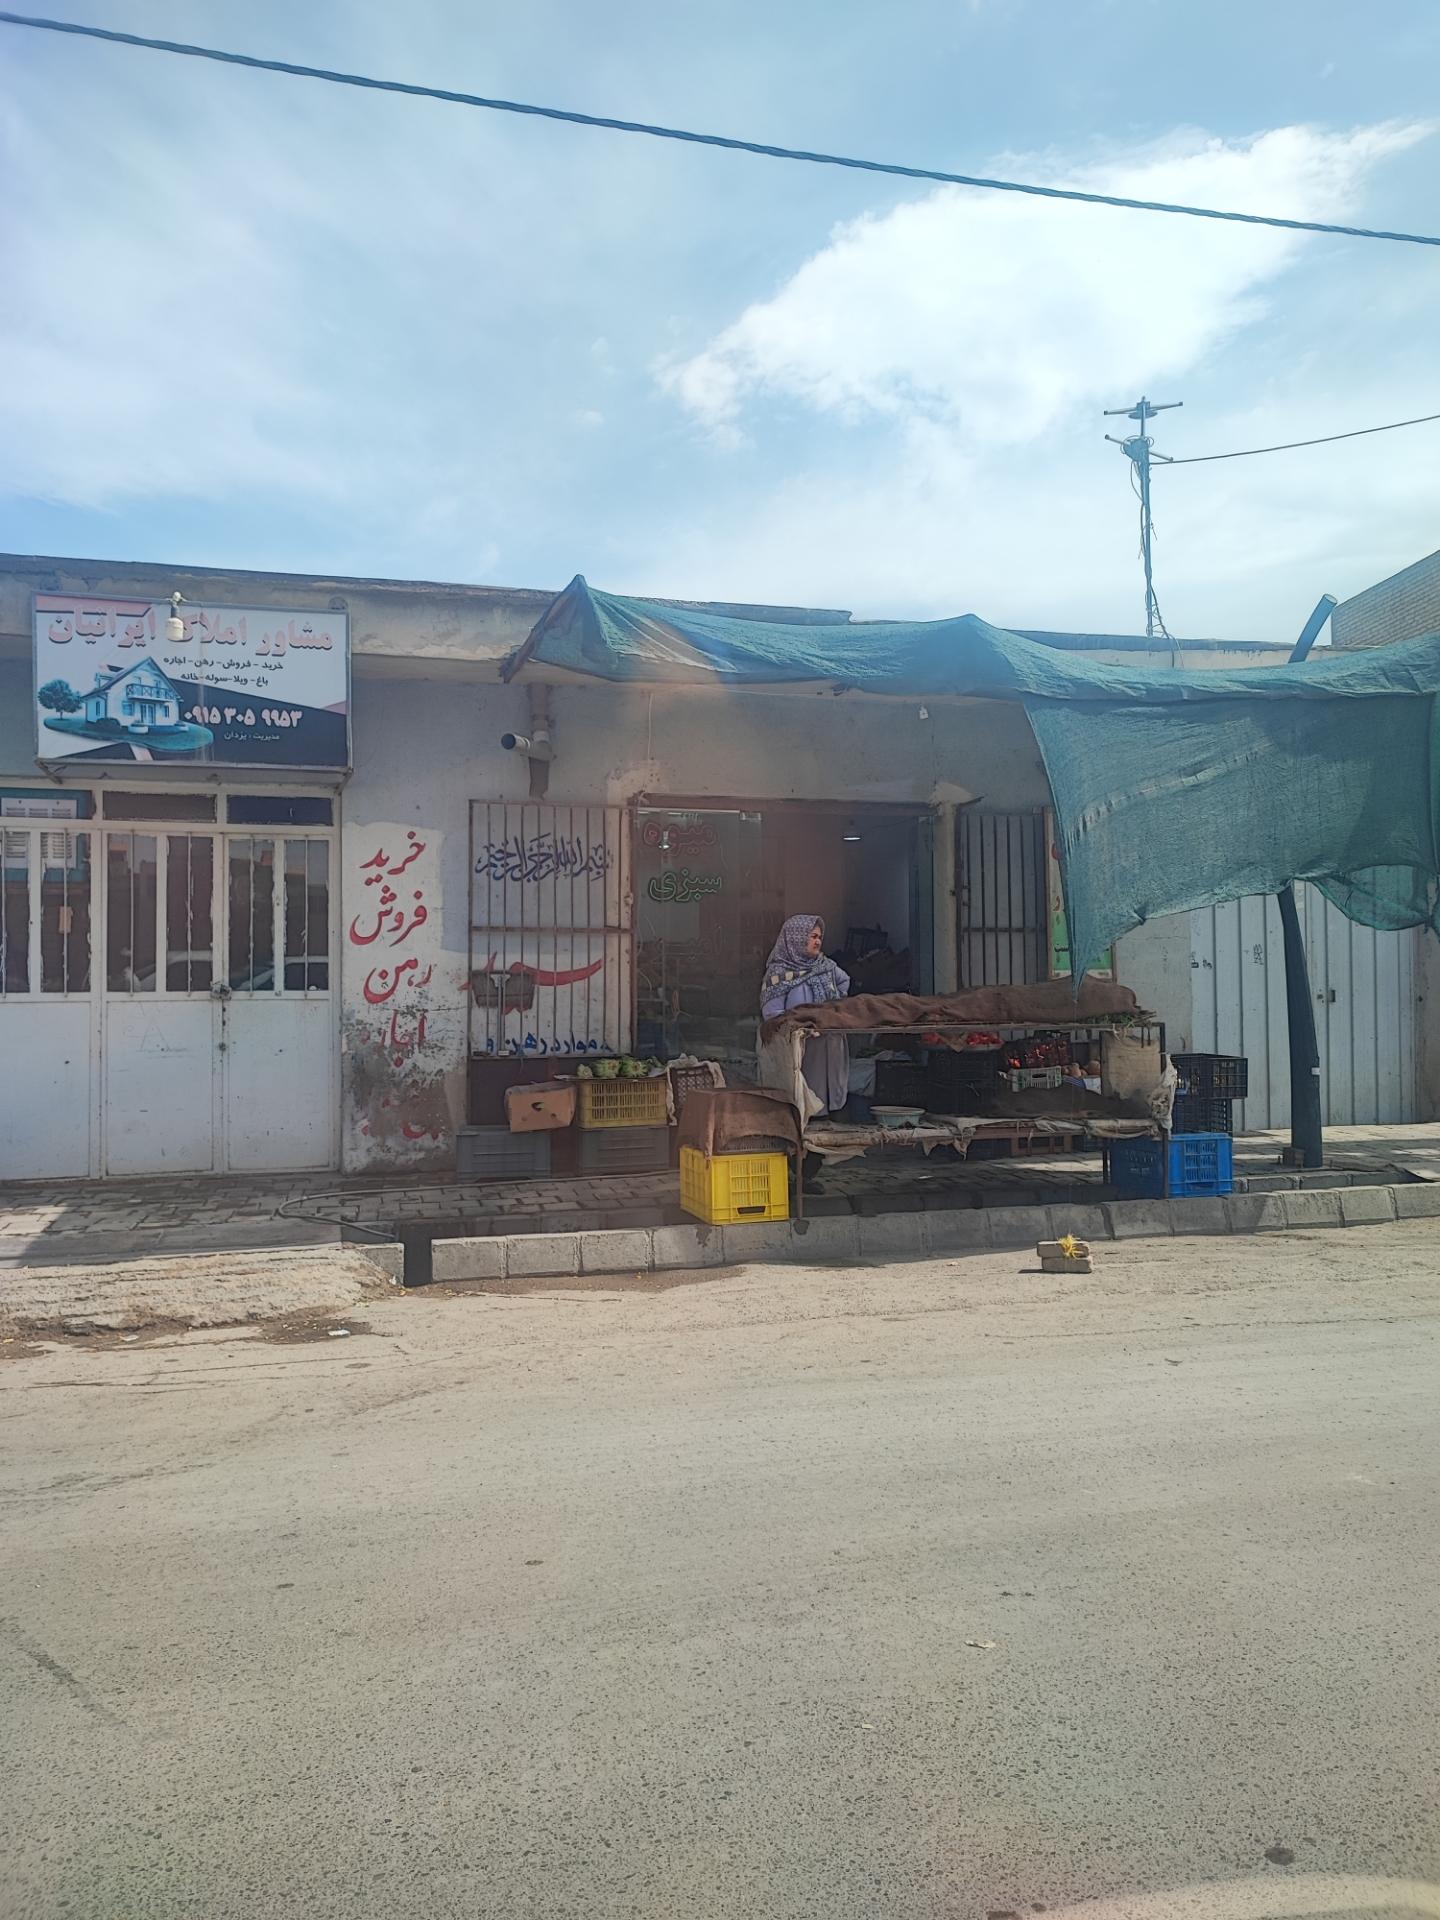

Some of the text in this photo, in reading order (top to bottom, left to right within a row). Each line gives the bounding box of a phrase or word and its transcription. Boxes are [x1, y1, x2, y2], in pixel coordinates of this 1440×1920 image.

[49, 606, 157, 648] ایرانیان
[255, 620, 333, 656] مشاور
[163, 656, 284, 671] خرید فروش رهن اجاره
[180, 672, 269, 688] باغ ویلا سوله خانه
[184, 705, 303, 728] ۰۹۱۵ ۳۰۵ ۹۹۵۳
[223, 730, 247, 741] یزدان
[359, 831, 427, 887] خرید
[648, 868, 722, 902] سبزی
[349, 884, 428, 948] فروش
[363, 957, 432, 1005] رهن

*Exercise*:
Please return the lines above exactly, with the pictures omitted.

*Answer area*:
Some of the text in this photo, in reading order (top to bottom, left to right within a row). Each line gives the bounding box of a phrase or word and its transcription. Boxes are [x1, y1, x2, y2], in pixel coordinates of this 1440×1920 image.

[49, 606, 157, 648] ایرانیان
[255, 620, 333, 656] مشاور
[163, 656, 284, 671] خرید فروش رهن اجاره
[180, 672, 269, 688] باغ ویلا سوله خانه
[184, 705, 303, 728] ۰۹۱۵ ۳۰۵ ۹۹۵۳
[223, 730, 247, 741] یزدان
[359, 831, 427, 887] خرید
[648, 868, 722, 902] سبزی
[349, 884, 428, 948] فروش
[363, 957, 432, 1005] رهن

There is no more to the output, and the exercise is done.